◆ **What to work on**: Transcribe, exactly as they appear, only the lines from the one holding "this 1520×1520 image." through the end of the entries below.

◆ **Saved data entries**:
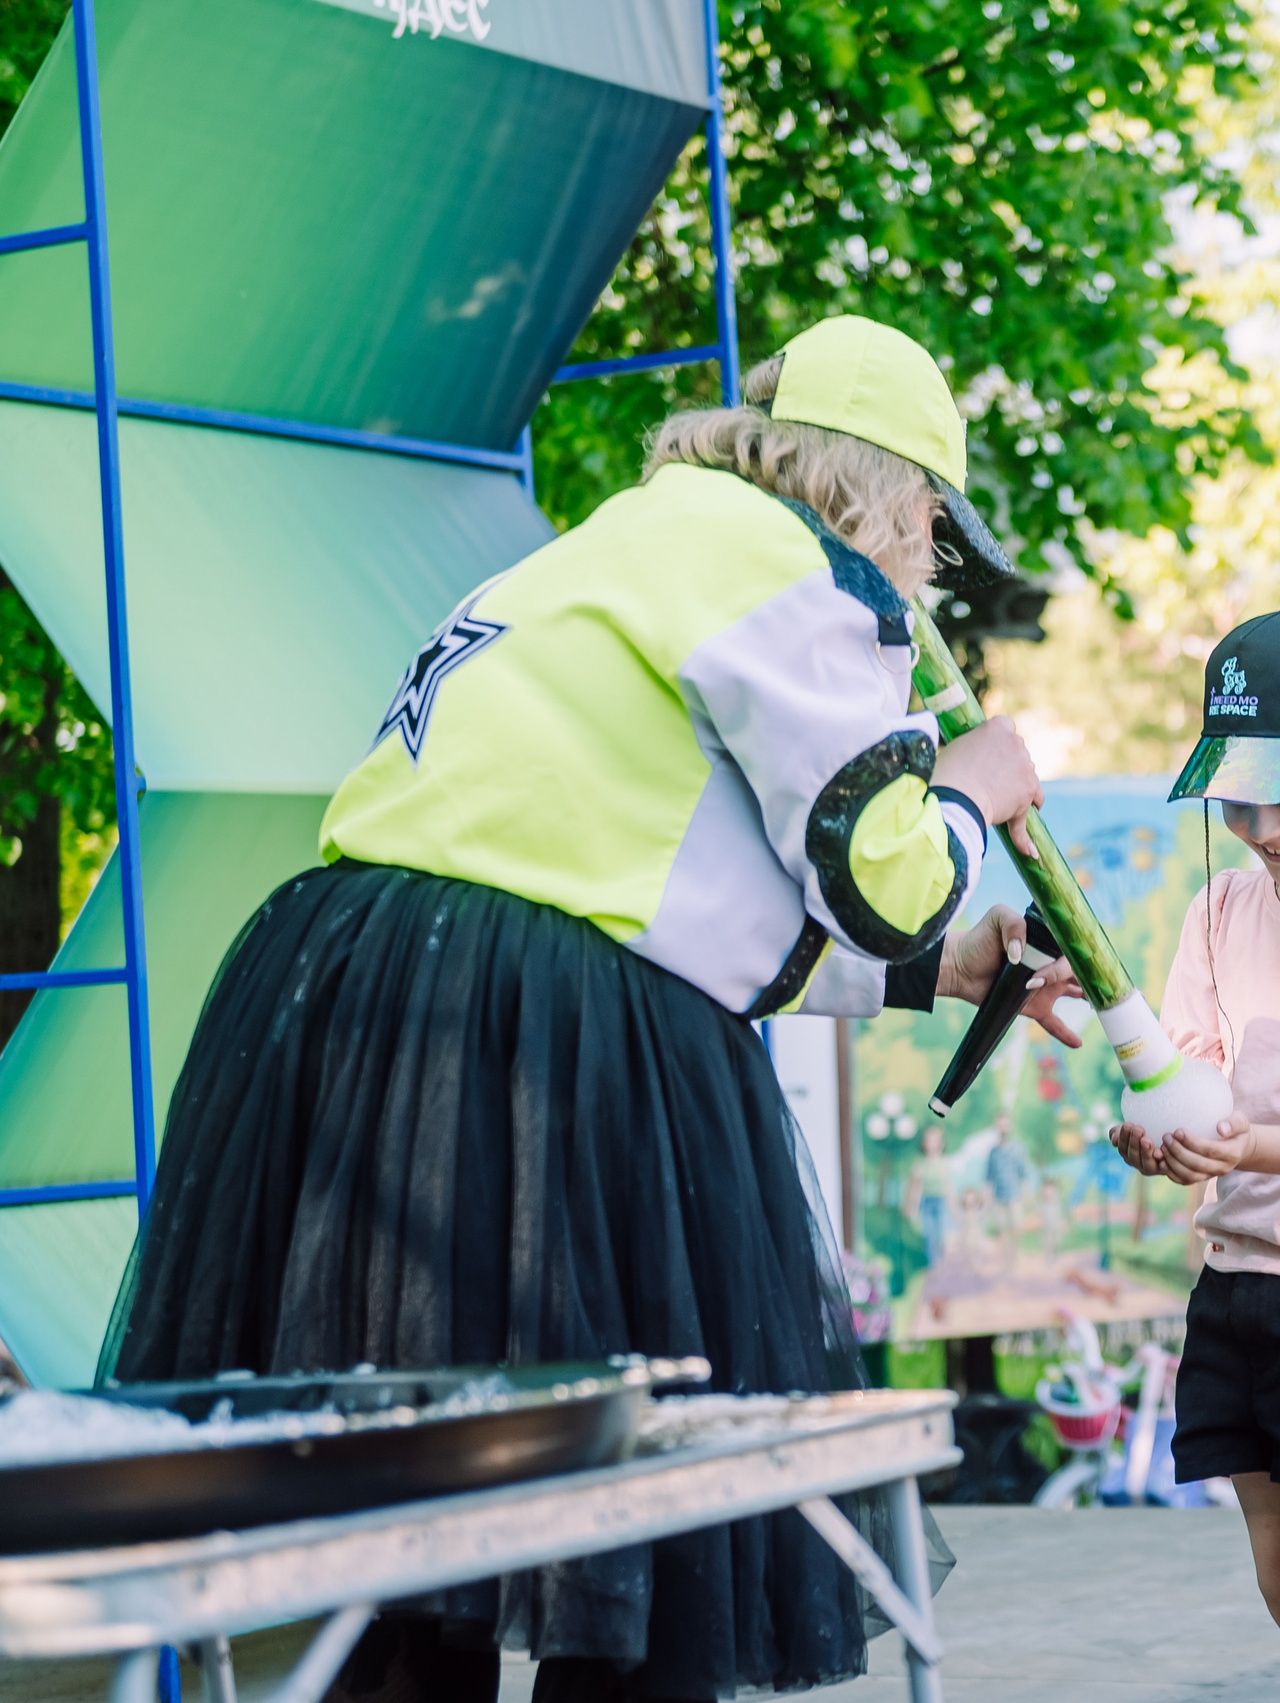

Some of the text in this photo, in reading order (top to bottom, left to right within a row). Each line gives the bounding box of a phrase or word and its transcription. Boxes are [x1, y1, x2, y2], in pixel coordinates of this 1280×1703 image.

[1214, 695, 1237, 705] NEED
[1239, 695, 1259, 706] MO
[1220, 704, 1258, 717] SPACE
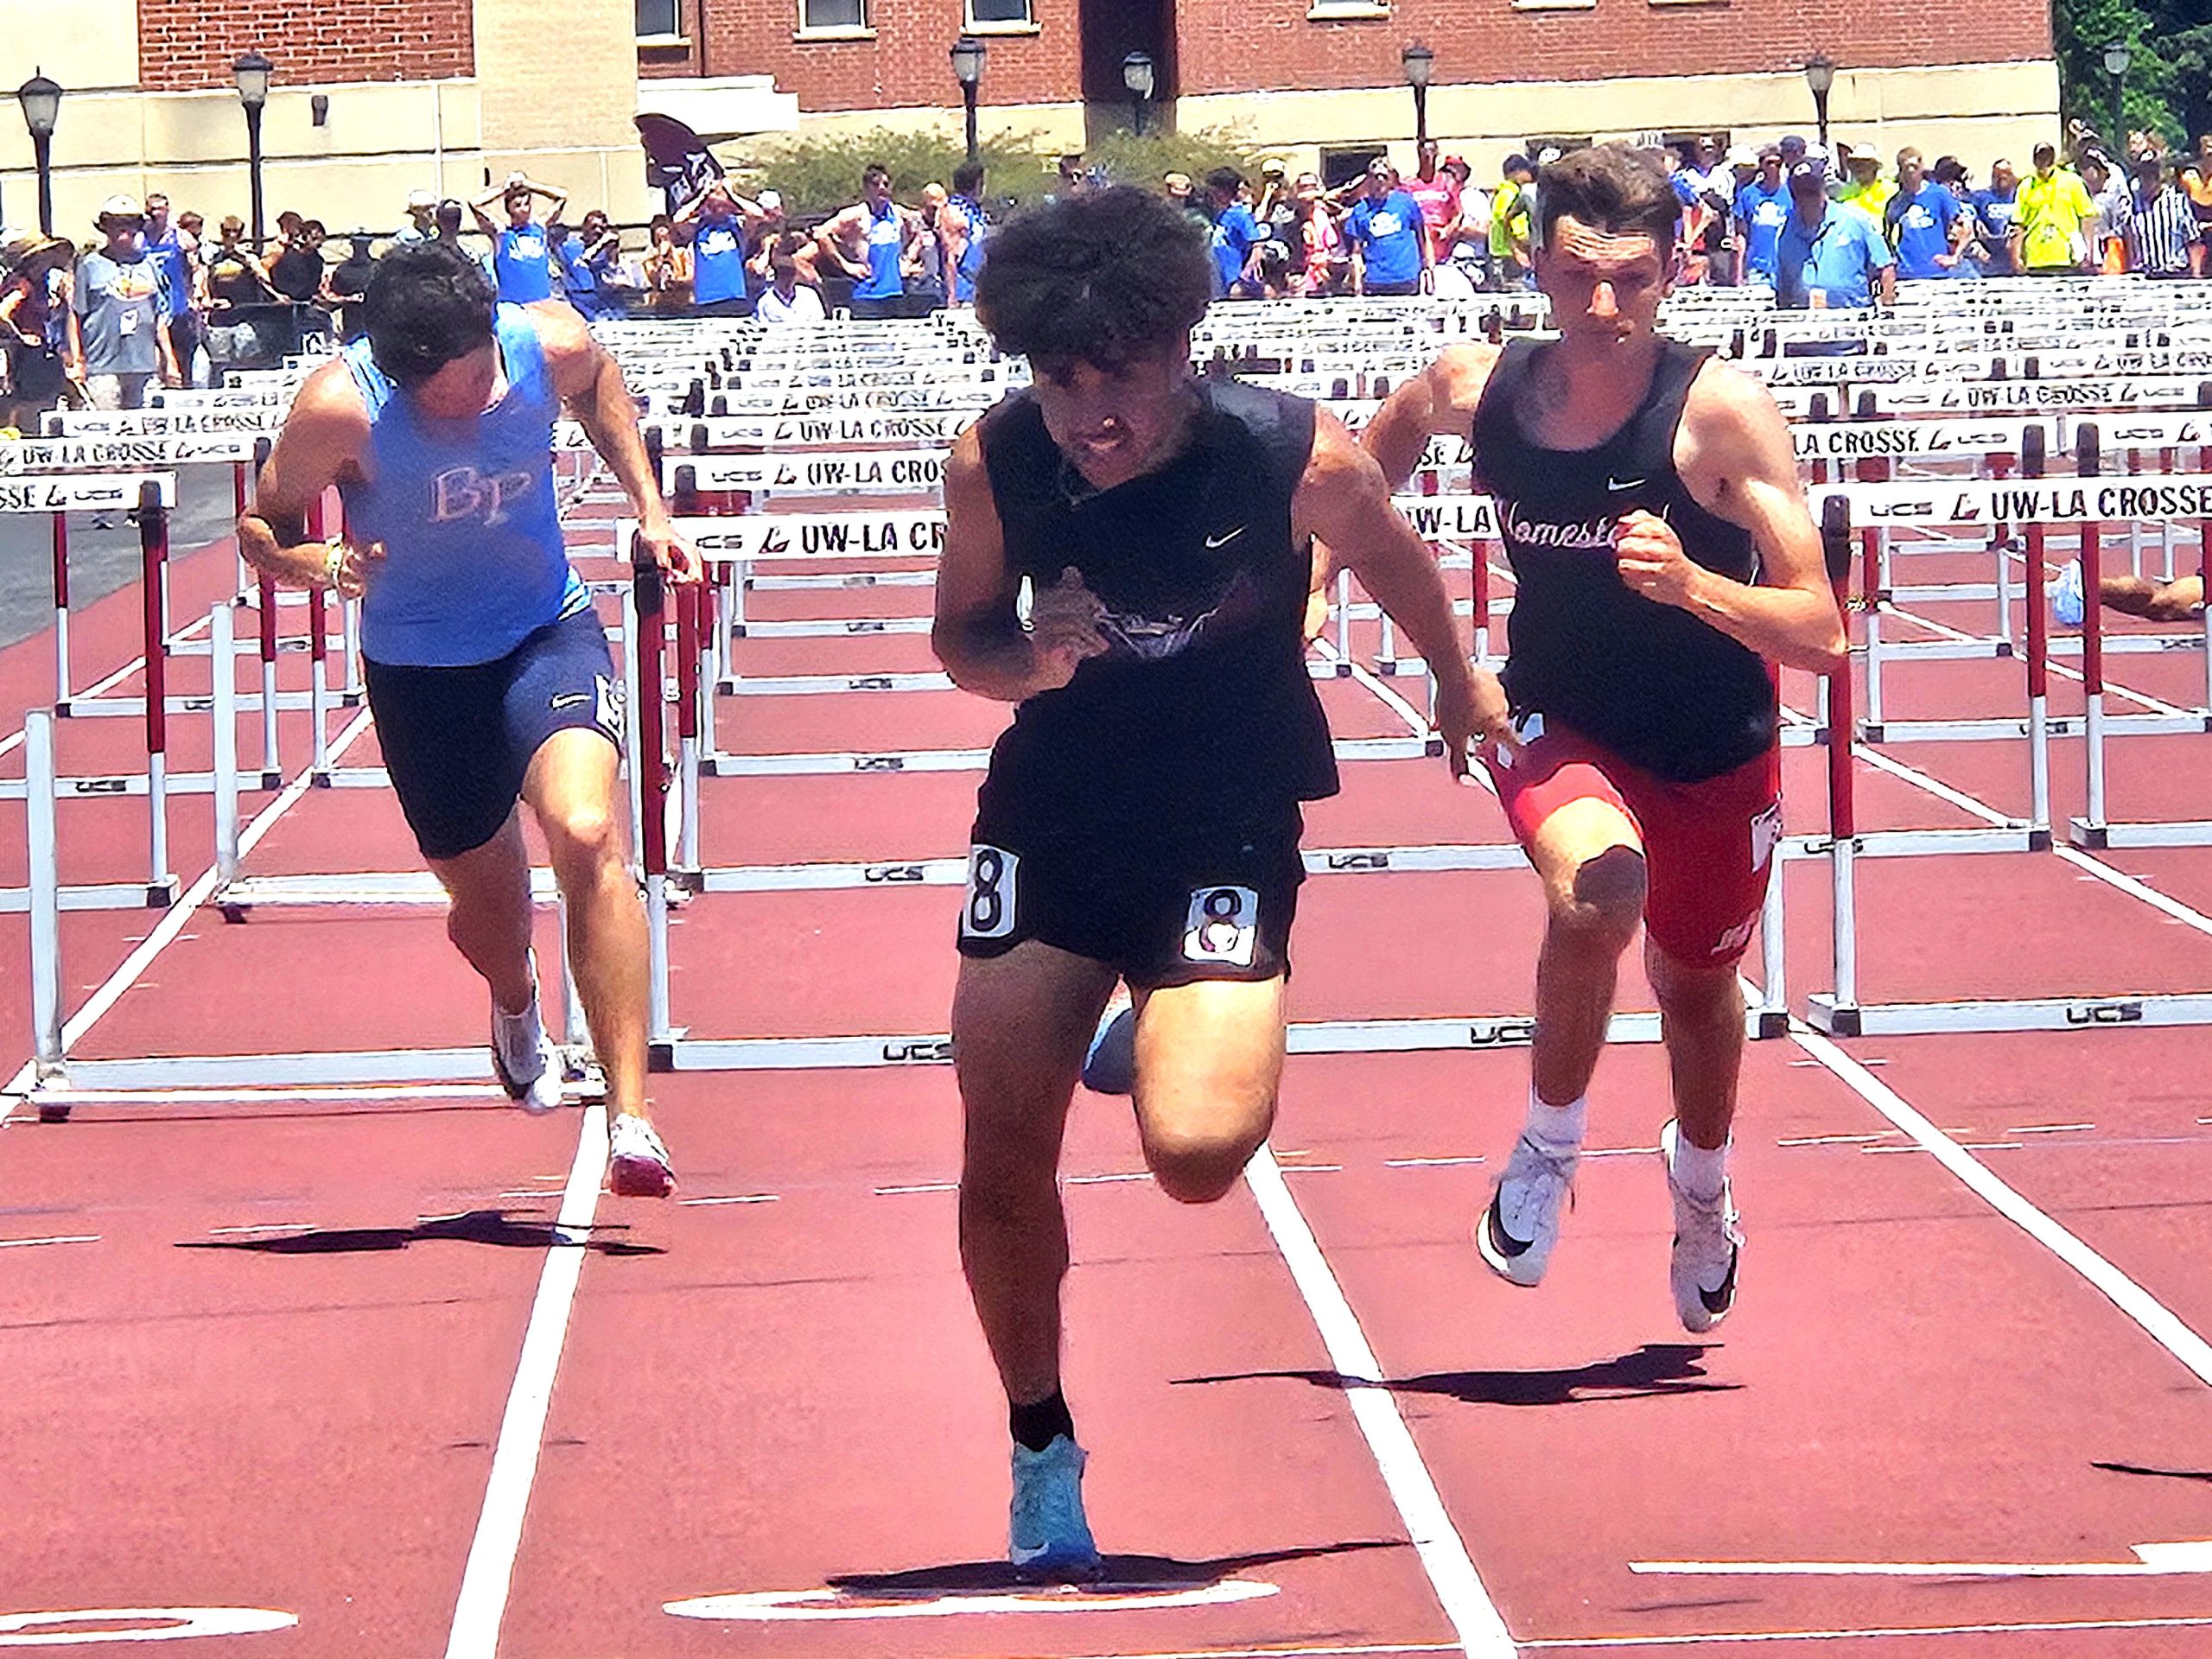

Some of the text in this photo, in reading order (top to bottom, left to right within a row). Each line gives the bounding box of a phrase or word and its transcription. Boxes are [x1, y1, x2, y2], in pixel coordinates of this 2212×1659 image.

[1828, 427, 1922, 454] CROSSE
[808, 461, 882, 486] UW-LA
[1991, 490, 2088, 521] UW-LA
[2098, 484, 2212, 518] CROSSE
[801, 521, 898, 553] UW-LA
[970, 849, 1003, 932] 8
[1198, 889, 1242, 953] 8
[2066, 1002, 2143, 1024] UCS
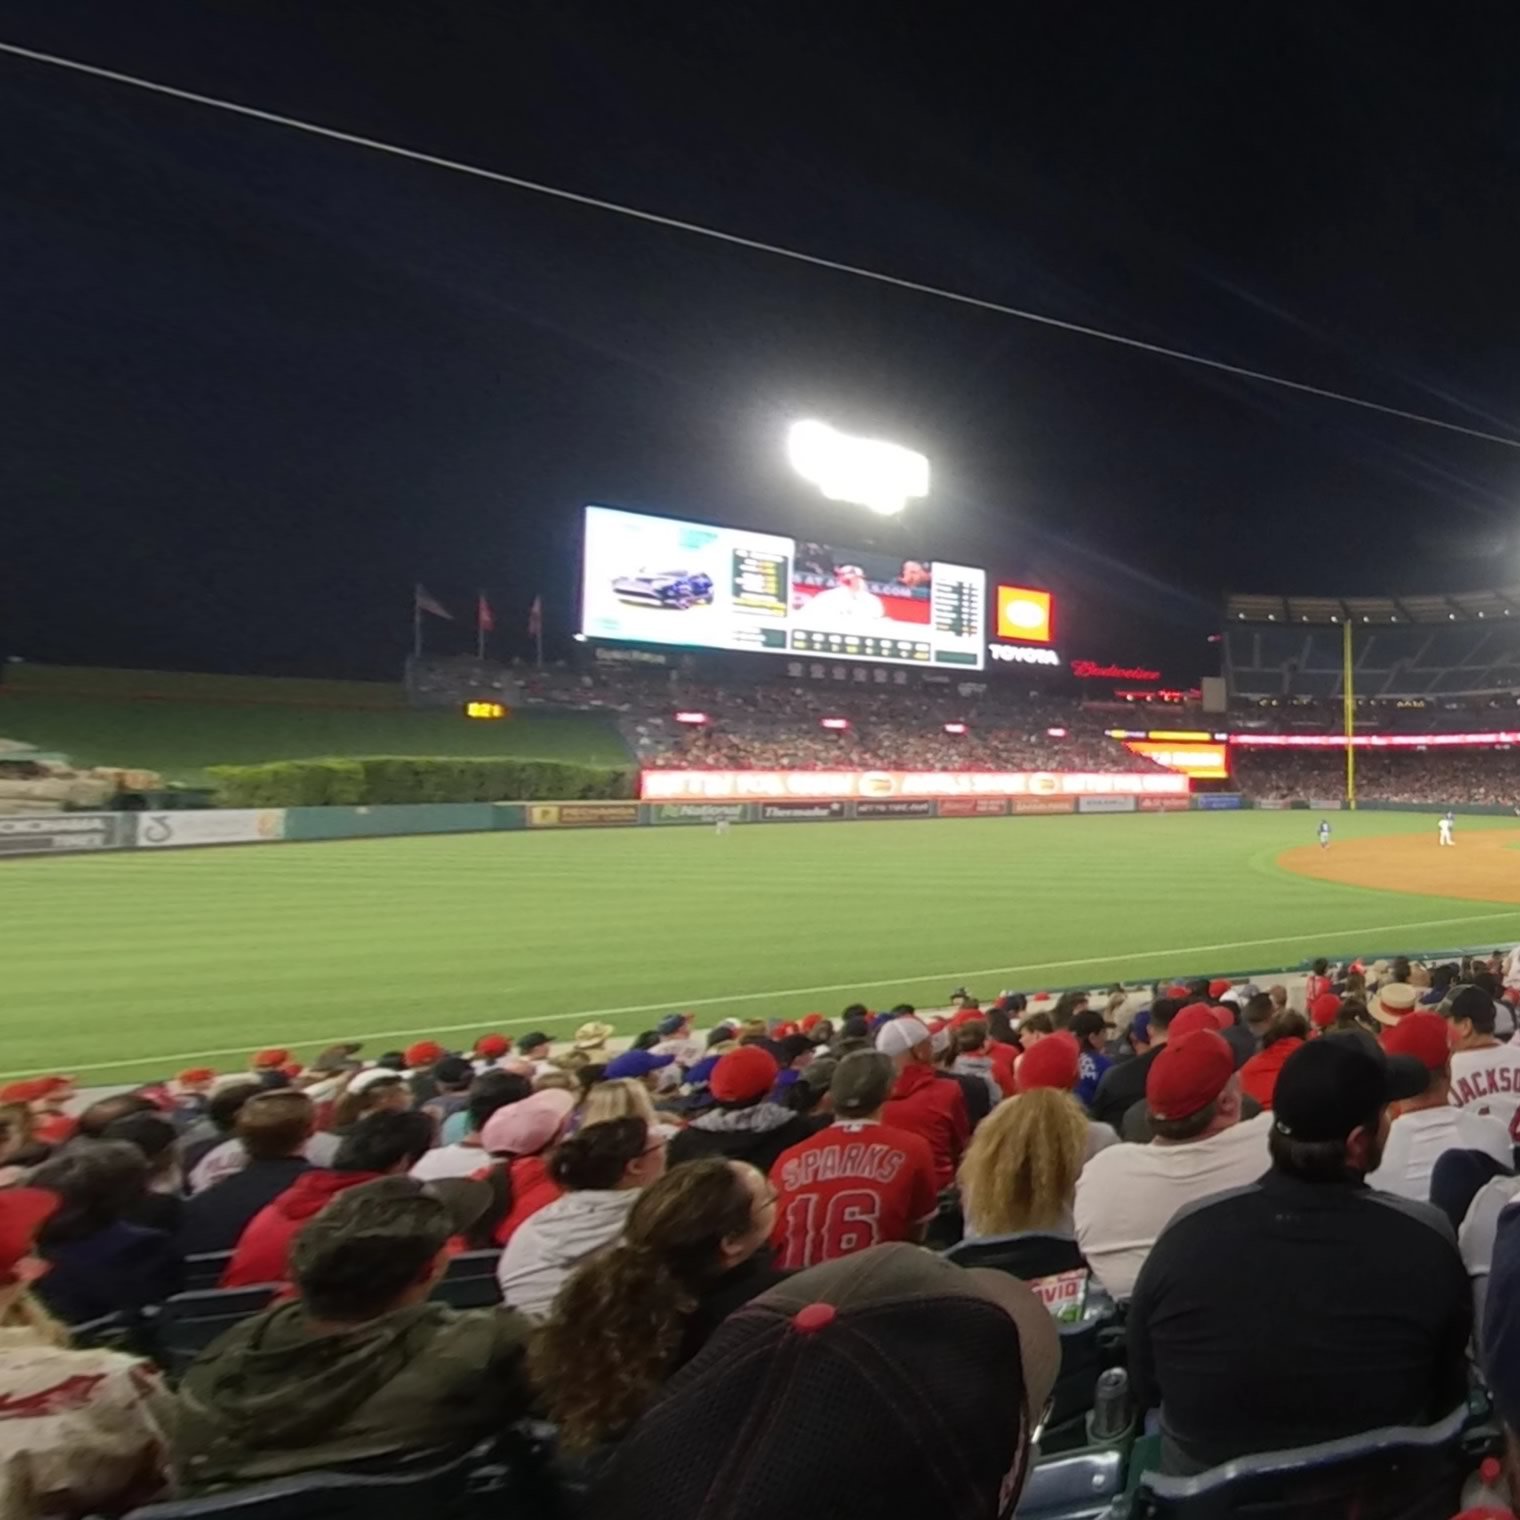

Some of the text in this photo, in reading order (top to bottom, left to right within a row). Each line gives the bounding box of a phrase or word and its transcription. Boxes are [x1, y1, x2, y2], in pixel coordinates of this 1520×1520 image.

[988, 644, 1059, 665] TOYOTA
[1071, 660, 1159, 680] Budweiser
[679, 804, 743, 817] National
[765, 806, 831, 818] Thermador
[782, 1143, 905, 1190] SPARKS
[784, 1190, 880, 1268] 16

◆ **Response box**:
Some of the text in this photo, in reading order (top to bottom, left to right within a row). Each line gives the bounding box of a phrase or word and its transcription. Boxes are [x1, y1, x2, y2], in pixel coordinates of this 1520×1520 image.

[988, 644, 1059, 665] TOYOTA
[1071, 660, 1159, 680] Budweiser
[679, 804, 743, 817] National
[765, 806, 831, 818] Thermador
[782, 1143, 905, 1190] SPARKS
[784, 1190, 880, 1268] 16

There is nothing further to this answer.